Добрые слова честной Юниньки внезапно ударили его по живому, чего трогать нельзя. Он и сам надеялся тайно, что в отпуске, может быть, попишет немного, и обхватанная тонкая рукопись укромно покоилась на дне чемодана, который привязан был сзади кареты, прикрытый вместе с другими каким-то темным рядном от дождя, однако ему представлялась невероятной возможность успешной работы после многолетней усталости, при многих недугах, при вялом воображении, ослабевшем от рутины и лет, едва копошившемся, когда он возился с путевыми заметками, а много ли воображения требовалось на них, холодно вопрошал его трезвый опытный ум. Нет, лишь поневоле, против логики опыта, лишь поддаваясь неумолимой тоске, он опасливо, робко предполагал, что, может быть, удастся как-нибудь сделать главу, да разве же это работа, какой он ждал и желал? Одна единственная глава за сто двадцать абсолютно свободных, бесхлопотных дней – это скорей развлечение от бесцельной курортной хандры, капелька наслаждения, которую он заслужил. И не лучше ли, минуя Мариенбад, проследовать прямо в Париж, пройтись по всем воспетым парижским бульварам, чтобы увериться, что и в парижских бульварах ничего необычного нет, посидеть у Тургенева на улице Риволи, послушать его милые жалобы на злую судьбу и неприметно воротиться с пустыми руками домой?
Однако колеса катились вперед, карета мерно качалась, и он понимал, что нельзя повернуть, что с этой минуты он больше не властен в себе.
Апатия одолевала его. С недовольным ворчанием принялся он думать о том, что это всё пустяки, что надо безропотно отправляться туда, куда выписана ему подорожная. Никаких особенных приключений с ним не случится, не кругом света, слава богу, идти, да и там-то, по совести говоря, с ним ничего не стряслось. Захолустным, пыльным, полинявшим от скуки представлялся Мариенбад, в котором жизнь едва теплится тихо-претихо, заплесневело, пестрые куры бродят по улицам, козы пасутся, тот же Симбирск. В таком месте действительно можно от всего, от всего отдохнуть. Откуда-то выплыло полузабытое, давнее:
«Расстался я с вами, милые, расстался!..»
Воспоминание было до того неожиданно, что он продолжал:
«Сердце мое привязано к вам всеми нежнейшими своими чувствами, а я беспрестанно от вас удаляюсь и буду удаляться!..»

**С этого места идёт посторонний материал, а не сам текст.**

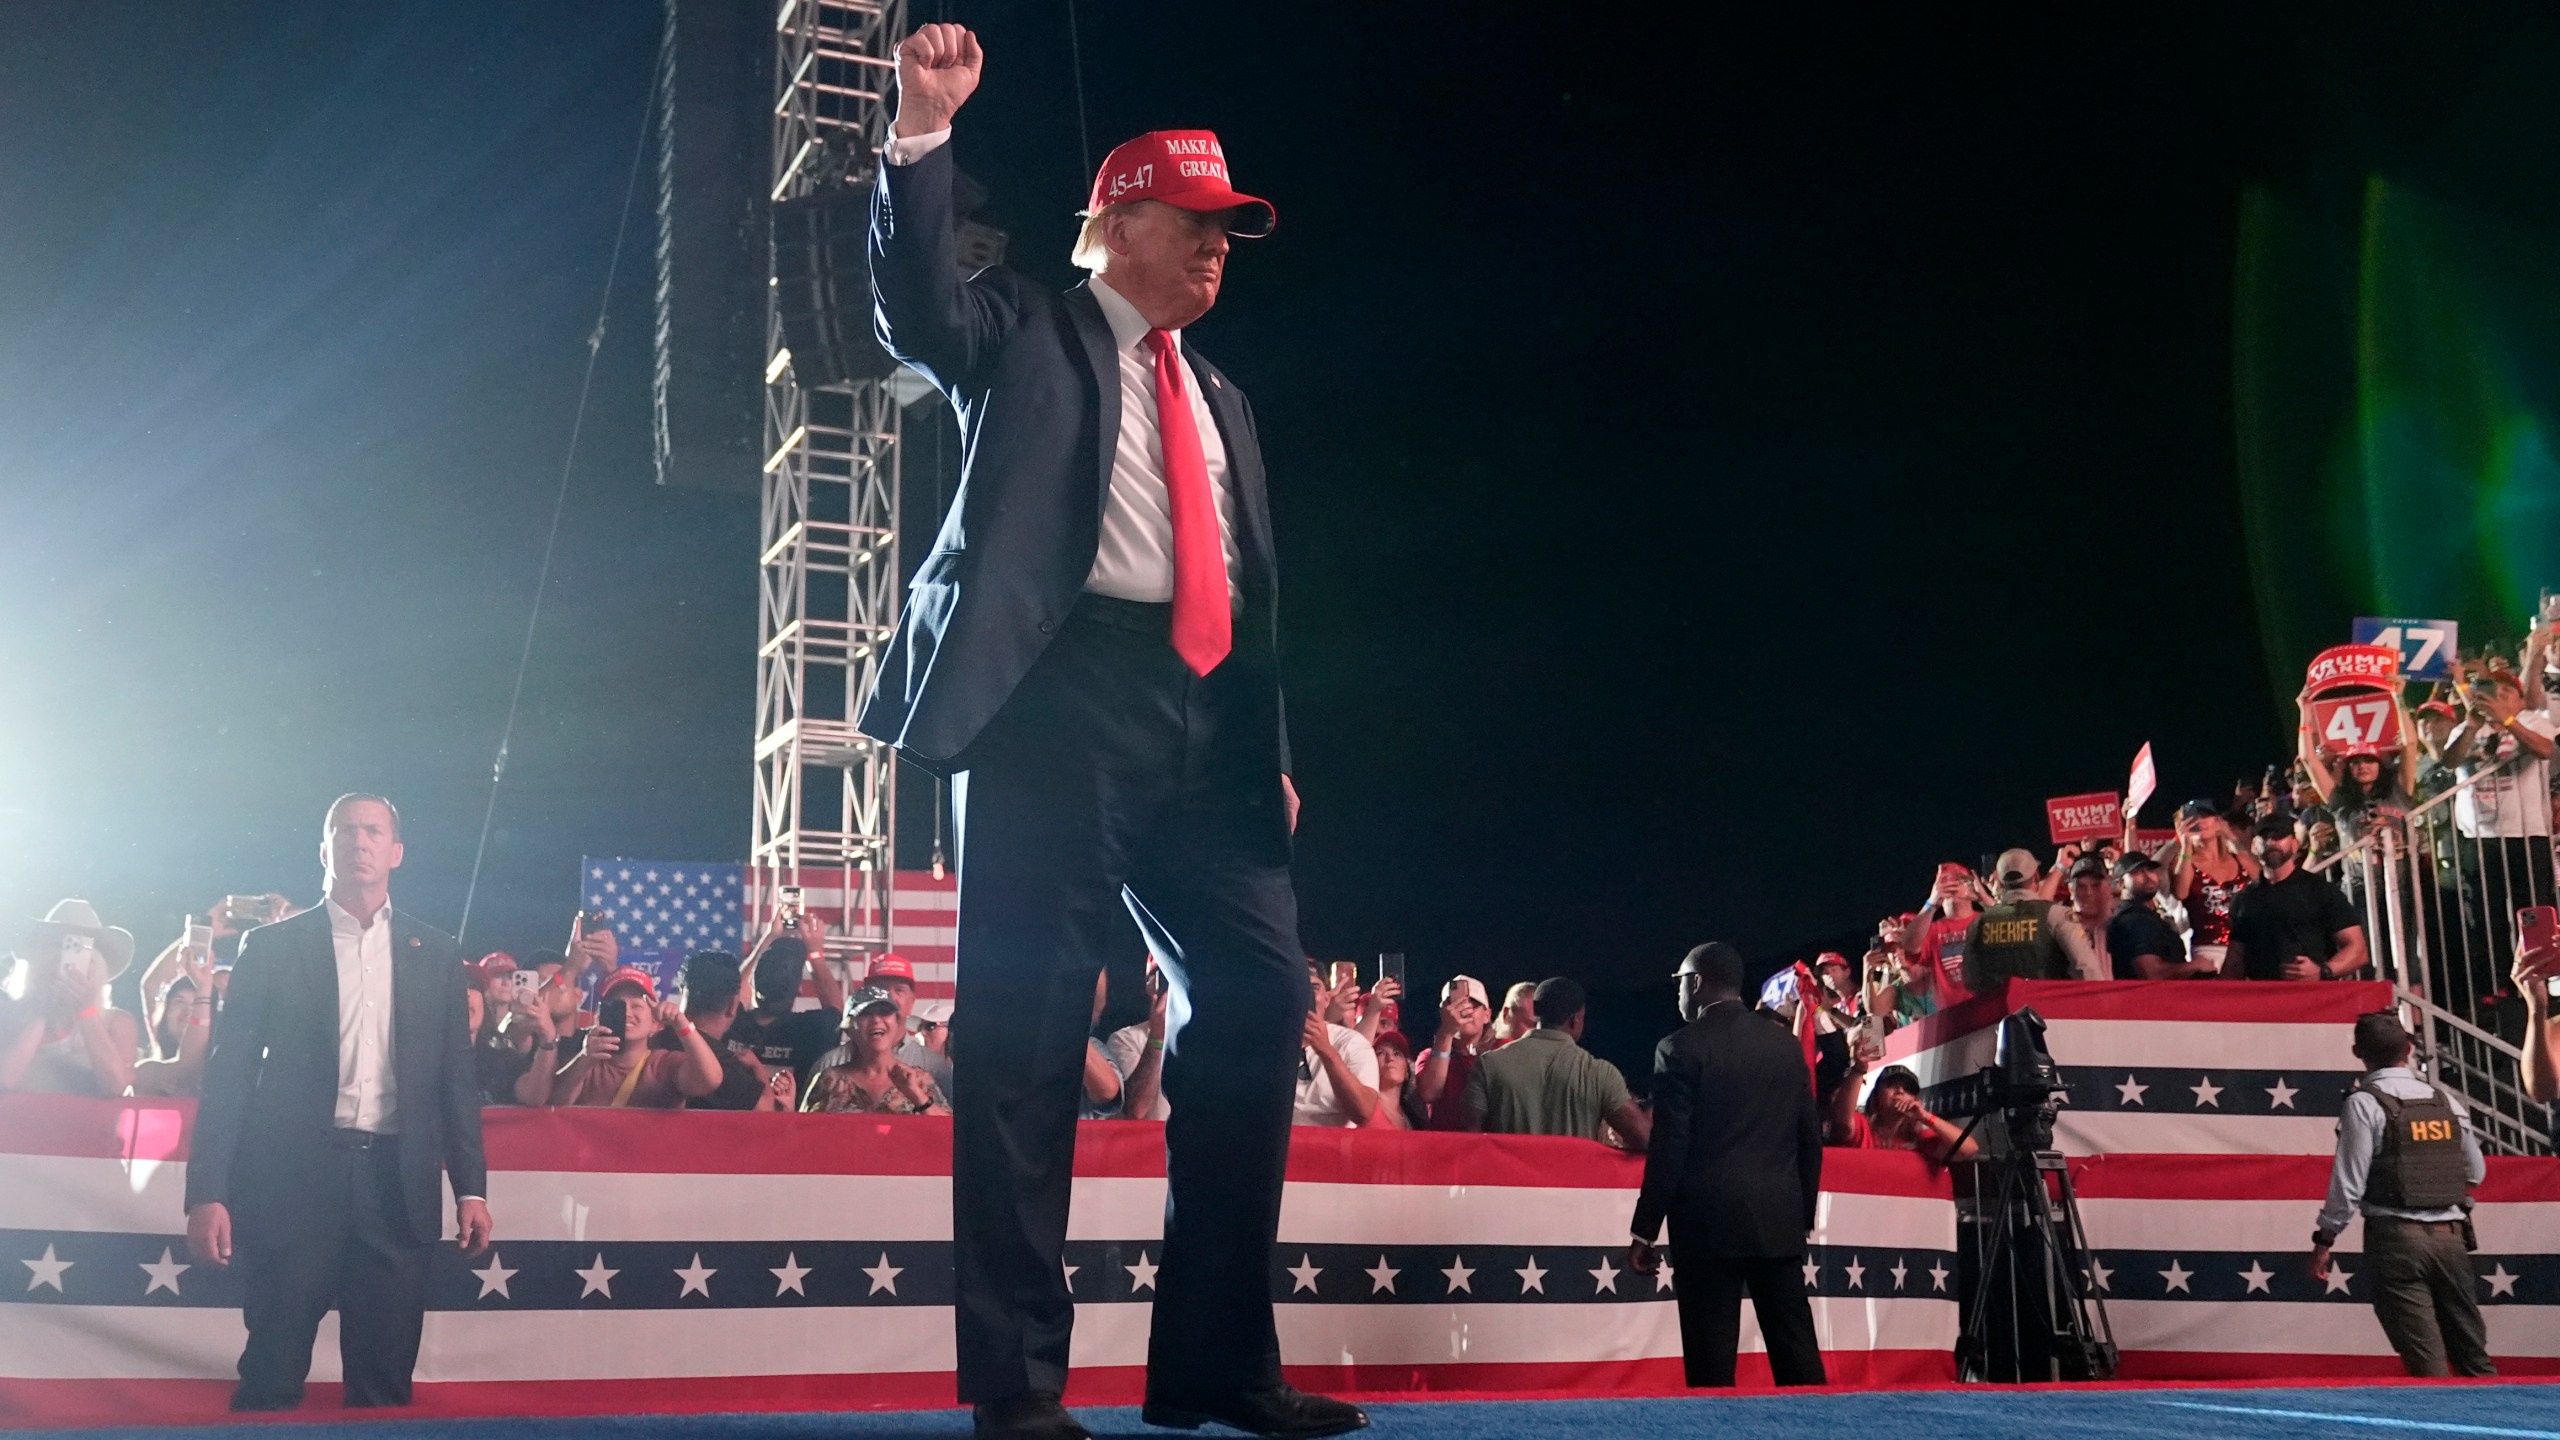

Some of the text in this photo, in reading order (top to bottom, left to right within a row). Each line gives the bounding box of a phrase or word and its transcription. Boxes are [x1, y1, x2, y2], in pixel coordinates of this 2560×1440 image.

Однако не прав был в его случае обольстительный Карамзин. К кому же он был так нежно привязан, как был привязан чувствительный автор «Писем русского путешественника»? Он удалялся и удался, он станет удаляться всё дальше, но те, кто остался, не теснили слезами измятое сердце и чрезмерно грустно, разнежено не становилось ему.

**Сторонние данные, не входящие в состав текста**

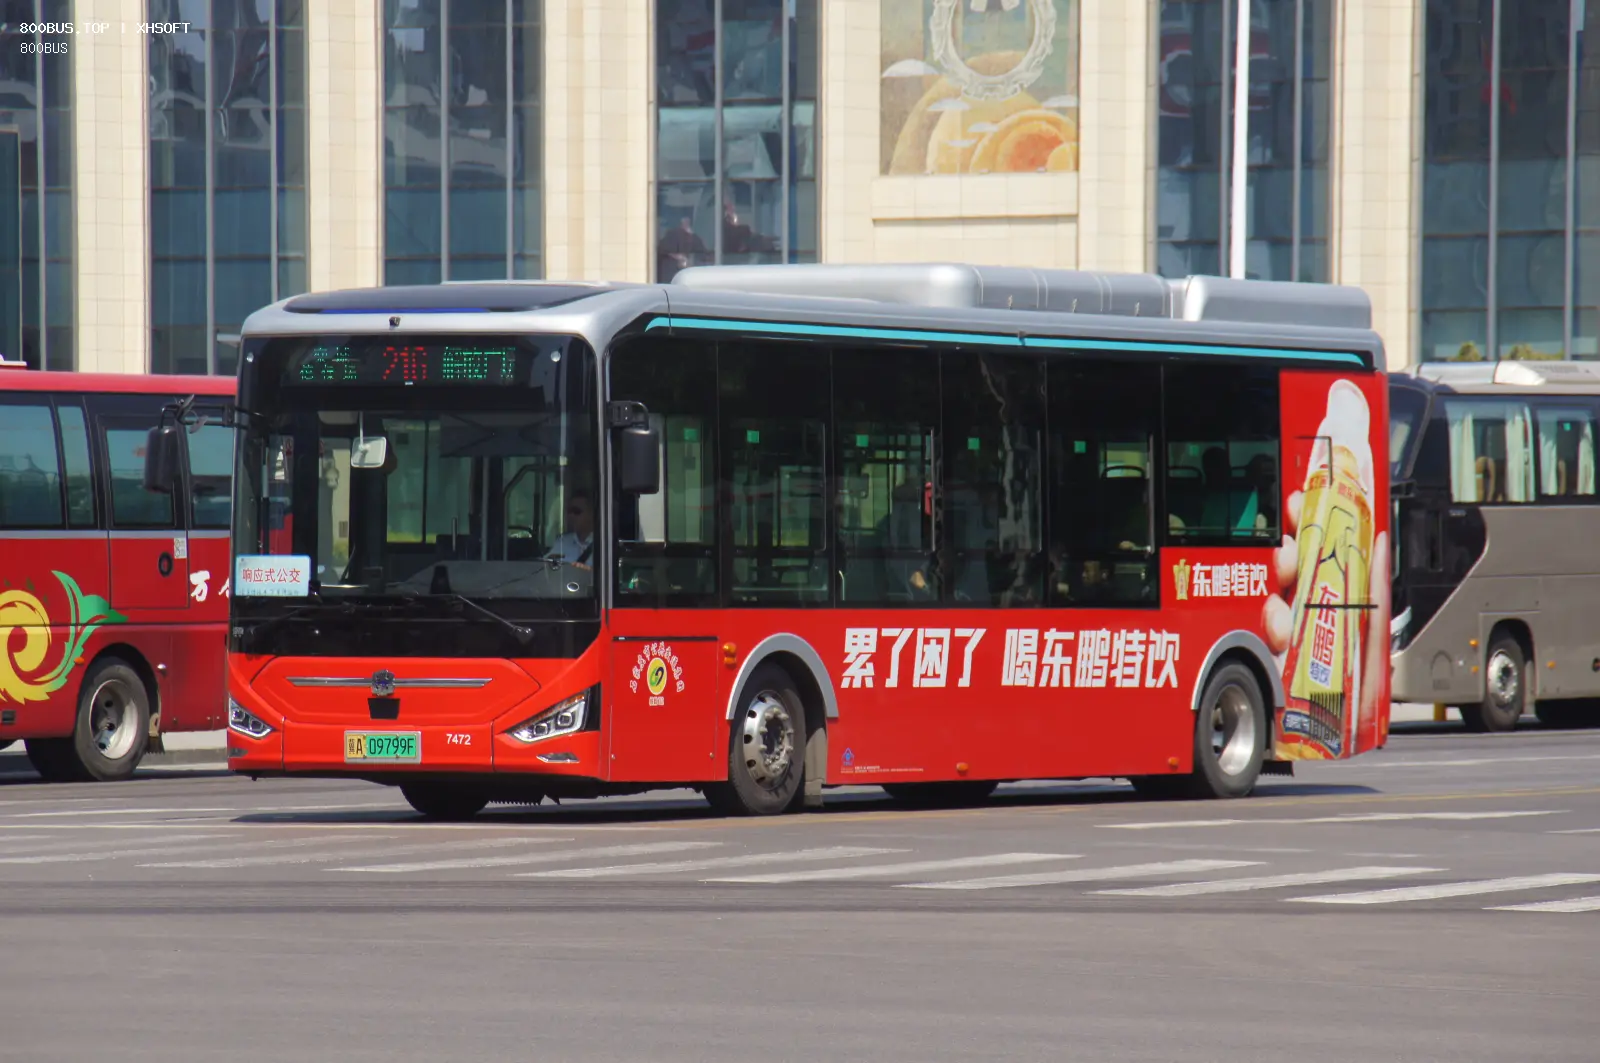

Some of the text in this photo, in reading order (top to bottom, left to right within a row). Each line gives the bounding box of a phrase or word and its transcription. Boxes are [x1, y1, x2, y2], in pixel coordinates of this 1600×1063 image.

[242, 567, 301, 584] 响应式公交
[1192, 562, 1269, 597] 东鹏特饮
[1312, 584, 1341, 668] 东鹏
[840, 627, 1181, 689] 累了困了 喝东鹏特饮
[369, 737, 415, 755] 09799F
[446, 733, 471, 746] 7472

Он снова подумал, был ли Николай Михайлович в самом деле столь сентиментальным, столь умильно чувствительным человеком, каким выставил себя в своей прославленной книге, или не без таланта придумал свои знаменитые излияния:
«Милые друзья! Всегда, всегда о вас думаю, когда могу думать. Я ещё не выехал из России, но давно уже в чужих краях, потому что давно с вами расстался…»
Неужели все эти чувства только описаны обыкновенным гусиным пером, а в действительности их автор не испытывал решительно ничего? Сам он подобные необыкновенные чувства испытывал лишь в самой ранней, бессмысленной юности, может быть, именно потому, что зачитывался Карамзиным до распухания глаз и промоченных слезами платков. С годами его чувства, как и понимание жизни, становились всё прозаичней, всё проще, всё холодней. Вот и он ещё не выехал из России, однако в чужих краях ещё не был и с друзьями расстался давно.
Иные мысли, иные чувства теснили его. Странно, что решительно ни один человек не приметил, что его путевые записки о мирном плавании на старом фрегате «Паллада» тоже были письмами, именно письмами русского путешественника. Это была посильная дань его преклонения перед прежним вождем гуманизма, это была и шутливая пародия на него.
Лицо его стало меланхолично-спокойным. Он сидел неподвижно и точно дремал.
Удивительно, до чего ж неприметлива критика… Впрочем, дивиться чему? Много ли критиков понимает искусство, к тому же критик непременно судит нас по известным, давно избитым канонам, тогда как талант извечно выламывается из них, выдирается, обновляет, создает то, чего до него не бывало, где же критикам угнаться за ним?.. Впрочем, и это всё пустяки…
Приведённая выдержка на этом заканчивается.